**Task to complete:**
An exact transcription of all the records, free of pictures, is the expected answer.

(Image-backed grounding data)
Start of Block

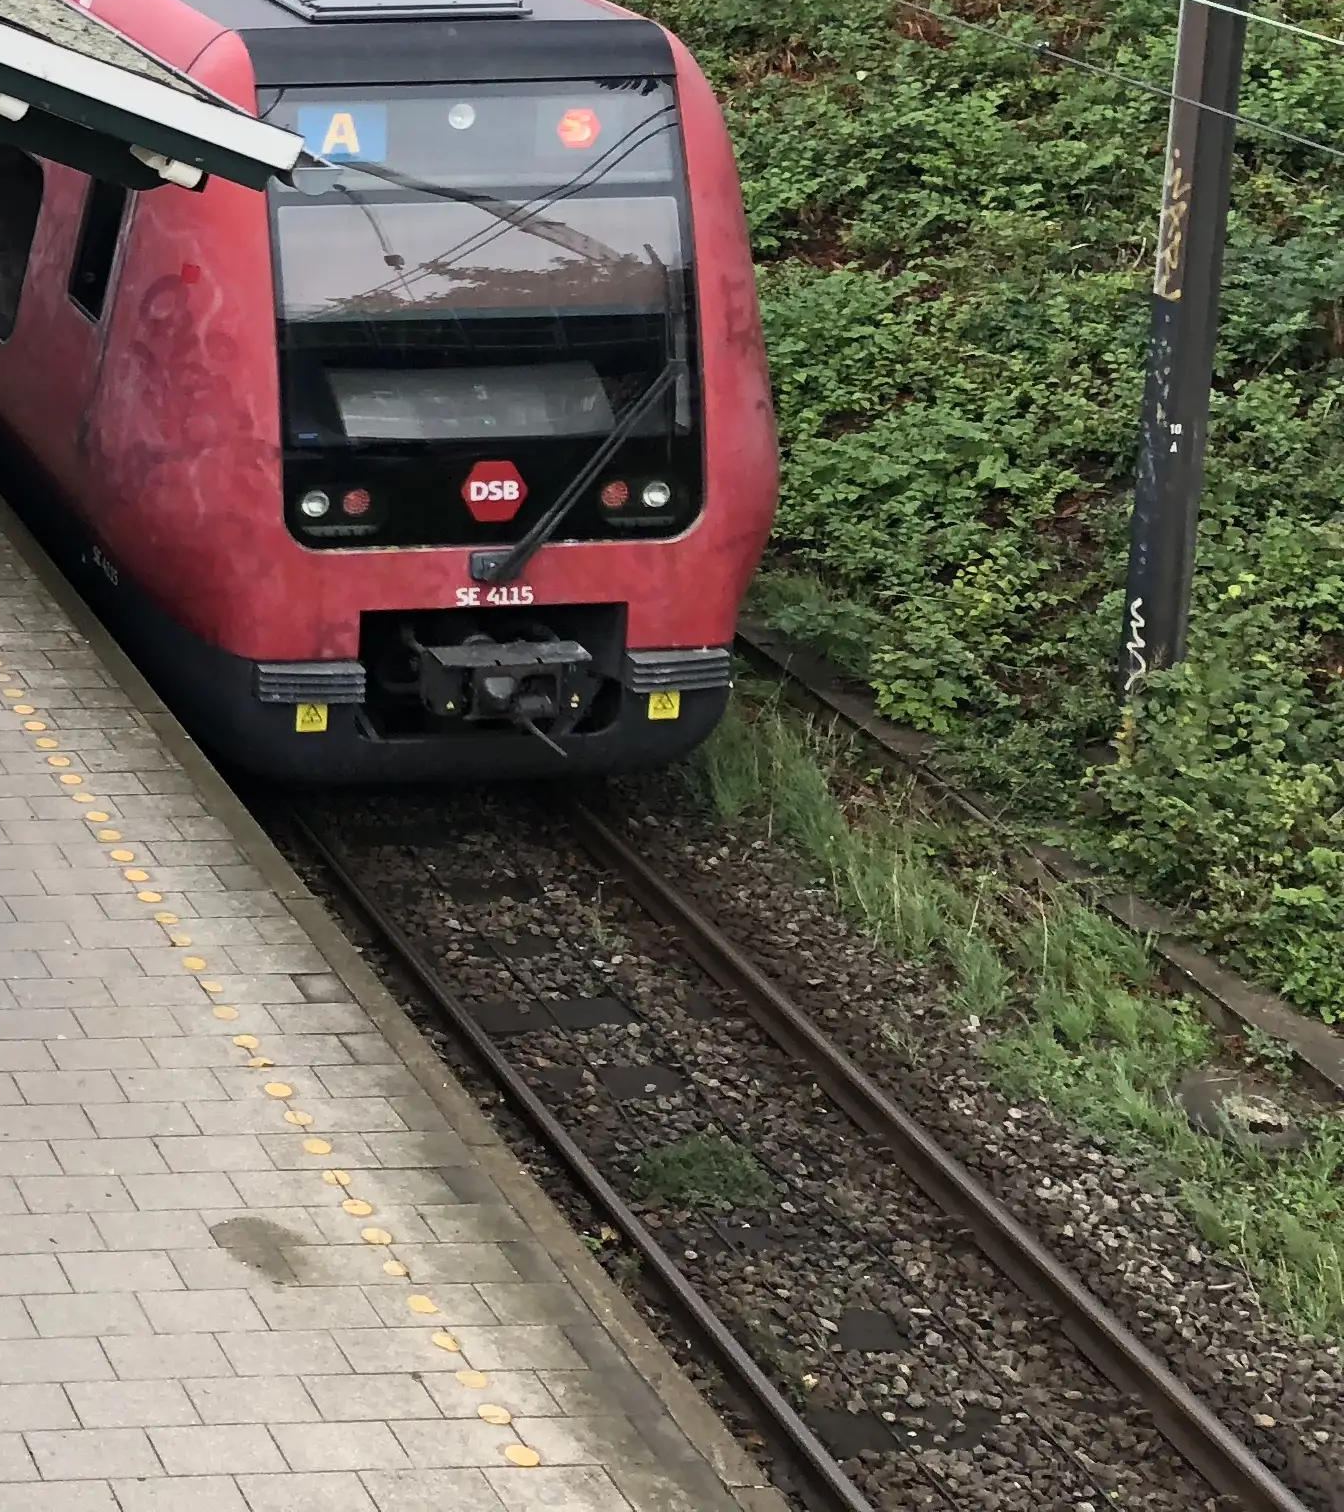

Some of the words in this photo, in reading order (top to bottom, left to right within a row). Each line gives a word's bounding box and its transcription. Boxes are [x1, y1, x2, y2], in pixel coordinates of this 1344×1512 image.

[321, 112, 361, 155] A
[560, 112, 593, 144] S
[1169, 423, 1183, 435] 10
[470, 480, 520, 502] DSB
[455, 586, 481, 607] SE
[486, 585, 535, 607] 4115
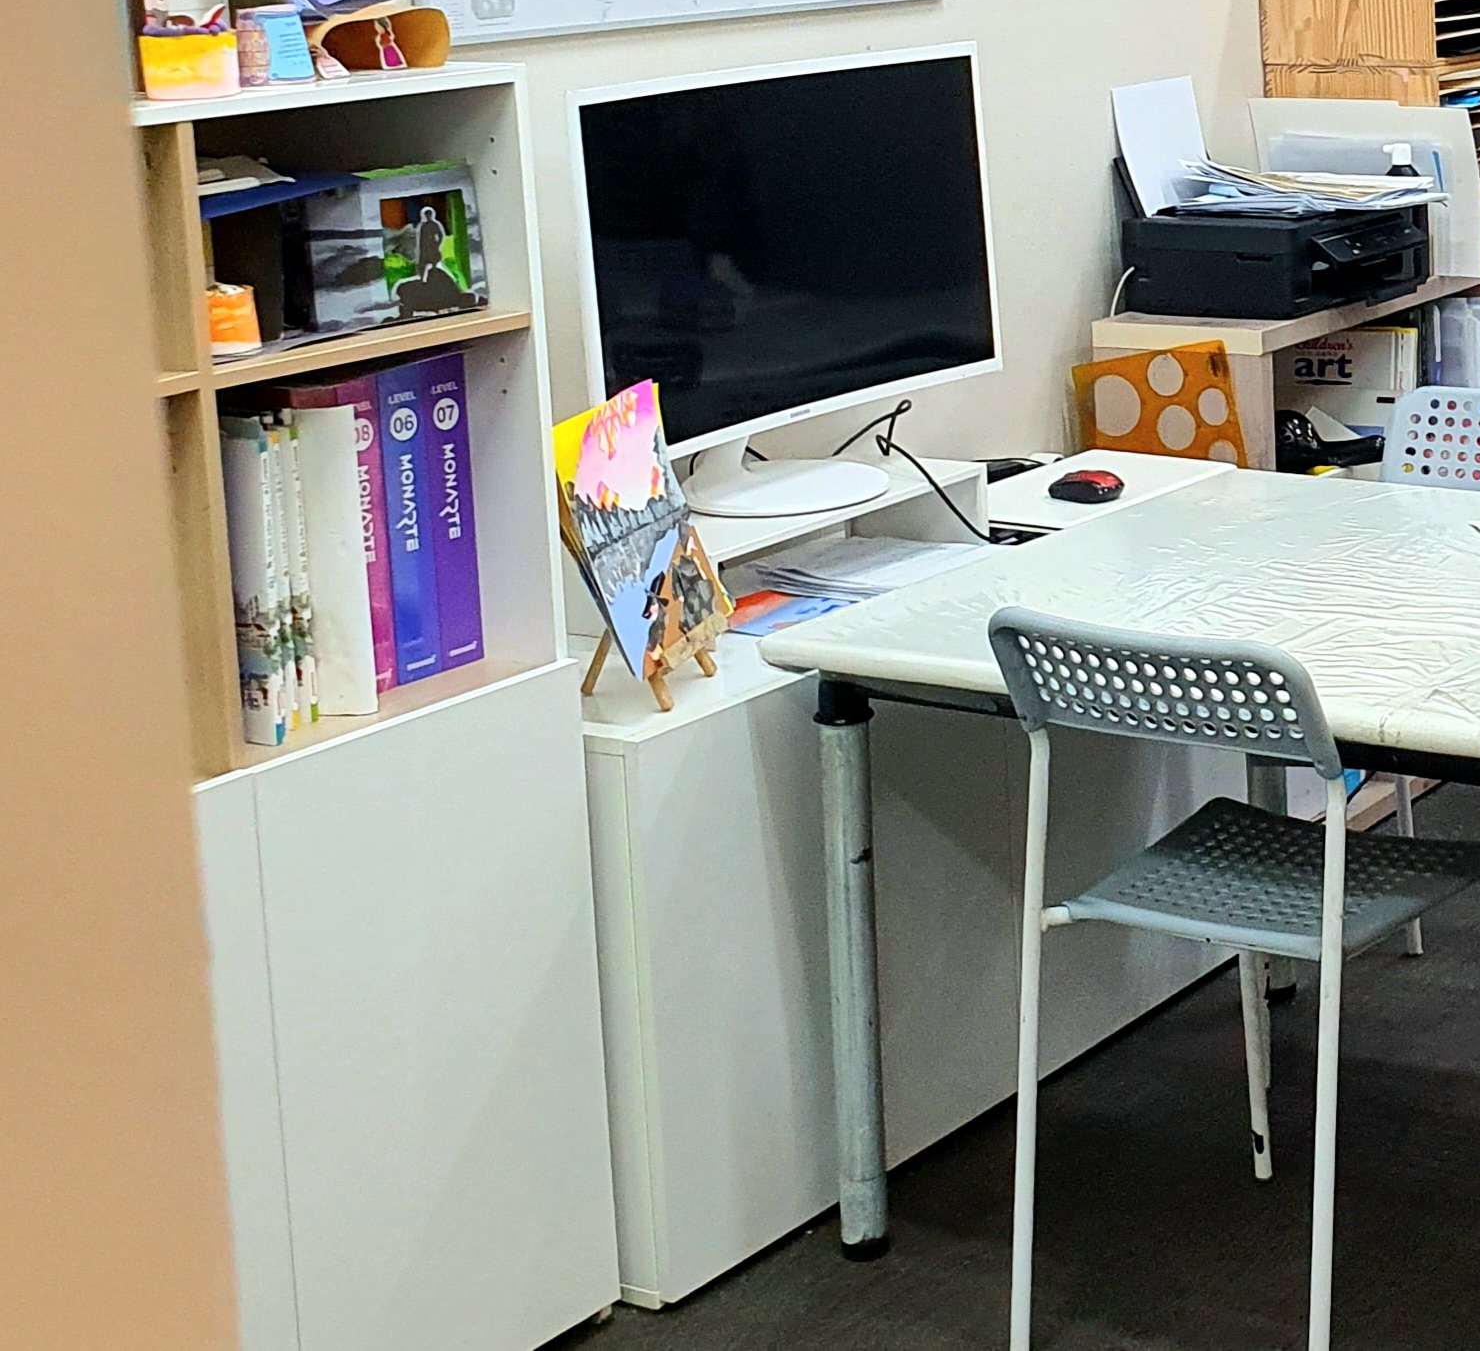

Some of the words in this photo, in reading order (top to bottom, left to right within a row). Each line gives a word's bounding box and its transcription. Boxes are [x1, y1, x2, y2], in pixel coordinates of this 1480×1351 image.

[1294, 354, 1352, 379] art
[388, 391, 416, 405] LEVEL
[431, 381, 458, 395] LEVEL
[393, 414, 414, 434] 06
[436, 405, 455, 424] 07
[439, 443, 462, 540] MONARTE
[396, 453, 420, 552] MONARTE
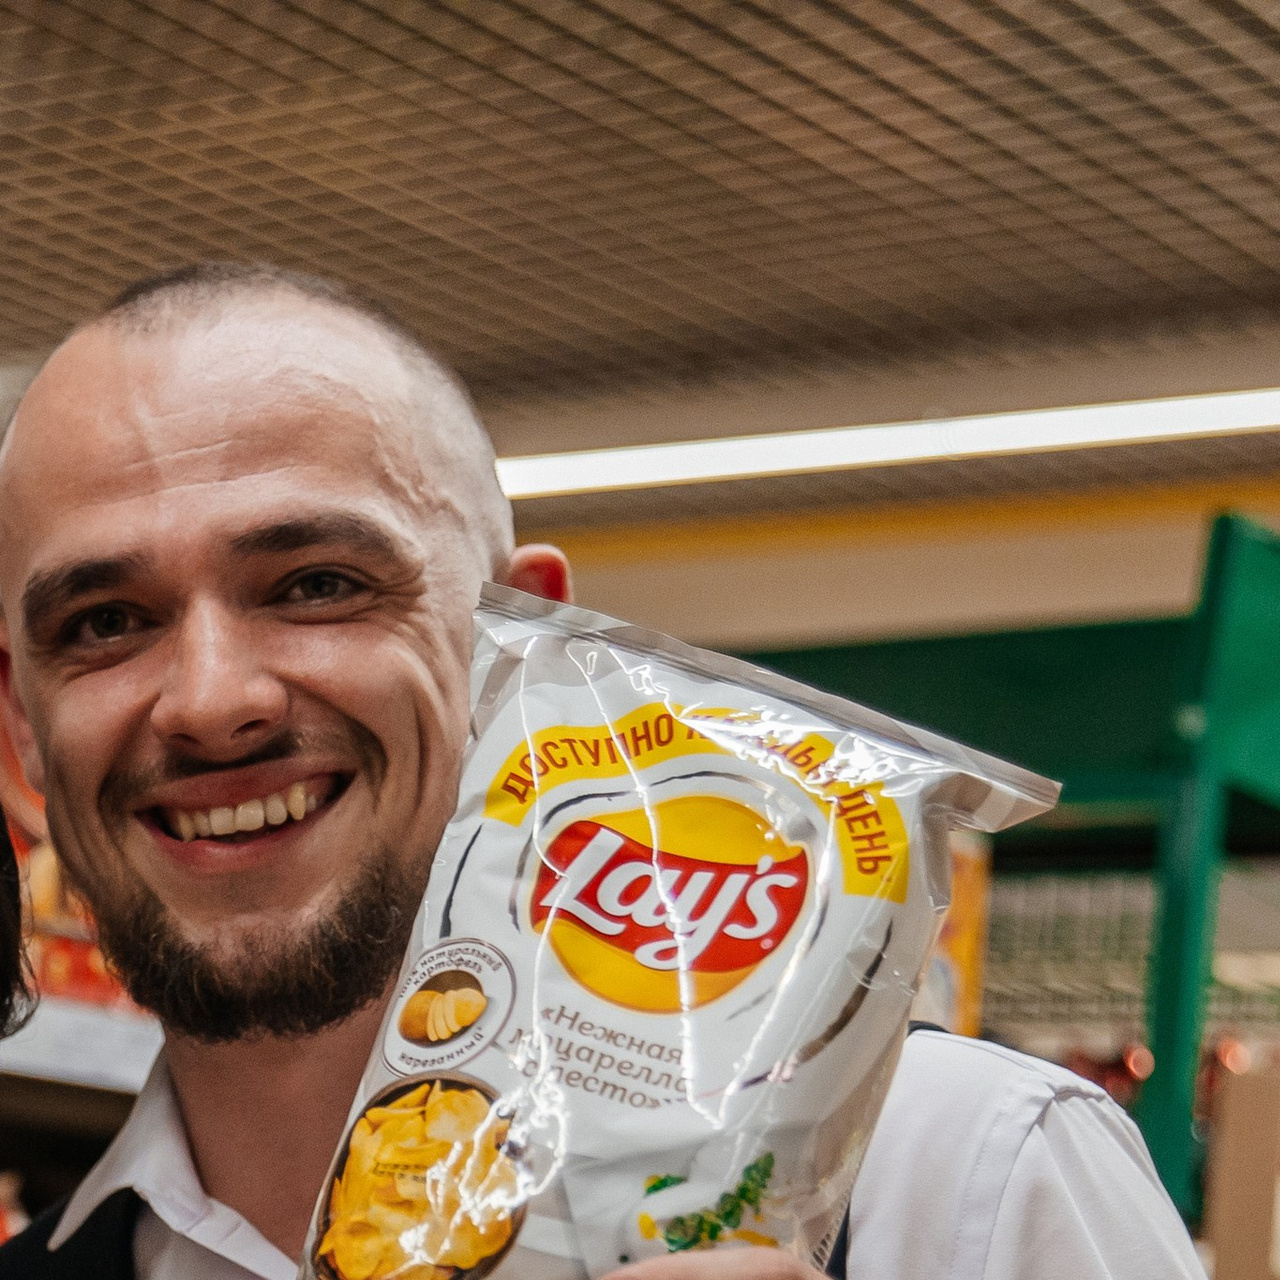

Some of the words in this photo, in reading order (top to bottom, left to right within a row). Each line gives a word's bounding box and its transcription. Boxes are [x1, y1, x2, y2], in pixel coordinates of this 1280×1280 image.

[501, 713, 675, 804] ДОСТУПНО
[826, 788, 892, 876] ДЕНЬ
[539, 827, 798, 970] Lay's
[509, 1028, 687, 1093] царелла
[540, 1004, 684, 1066] «Нежная

End of Block

**Result of this exercise:**
Some of the words in this photo, in reading order (top to bottom, left to right within a row). Each line gives a word's bounding box and its transcription. Boxes are [x1, y1, x2, y2], in pixel coordinates of this 1344×1512 image.

[321, 112, 361, 155] A
[560, 112, 593, 144] S
[1169, 423, 1183, 435] 10
[470, 480, 520, 502] DSB
[455, 586, 481, 607] SE
[486, 585, 535, 607] 4115

Some of the words in this photo, in reading order (top to bottom, left to right within a row). Each line gives a word's bounding box and its transcription. Boxes are [x1, y1, x2, y2], in pixel coordinates of this 1480×1351 image.

[1294, 354, 1352, 379] art
[388, 391, 416, 405] LEVEL
[431, 381, 458, 395] LEVEL
[393, 414, 414, 434] 06
[436, 405, 455, 424] 07
[439, 443, 462, 540] MONARTE
[396, 453, 420, 552] MONARTE

Some of the words in this photo, in reading order (top to bottom, left to right within a row). Each line gives a word's bounding box and its transcription. Boxes are [x1, y1, x2, y2], in pixel coordinates of this 1280×1280 image.

[501, 713, 675, 804] ДОСТУПНО
[826, 788, 892, 876] ДЕНЬ
[539, 827, 798, 970] Lay's
[509, 1028, 687, 1093] царелла
[540, 1004, 684, 1066] «Нежная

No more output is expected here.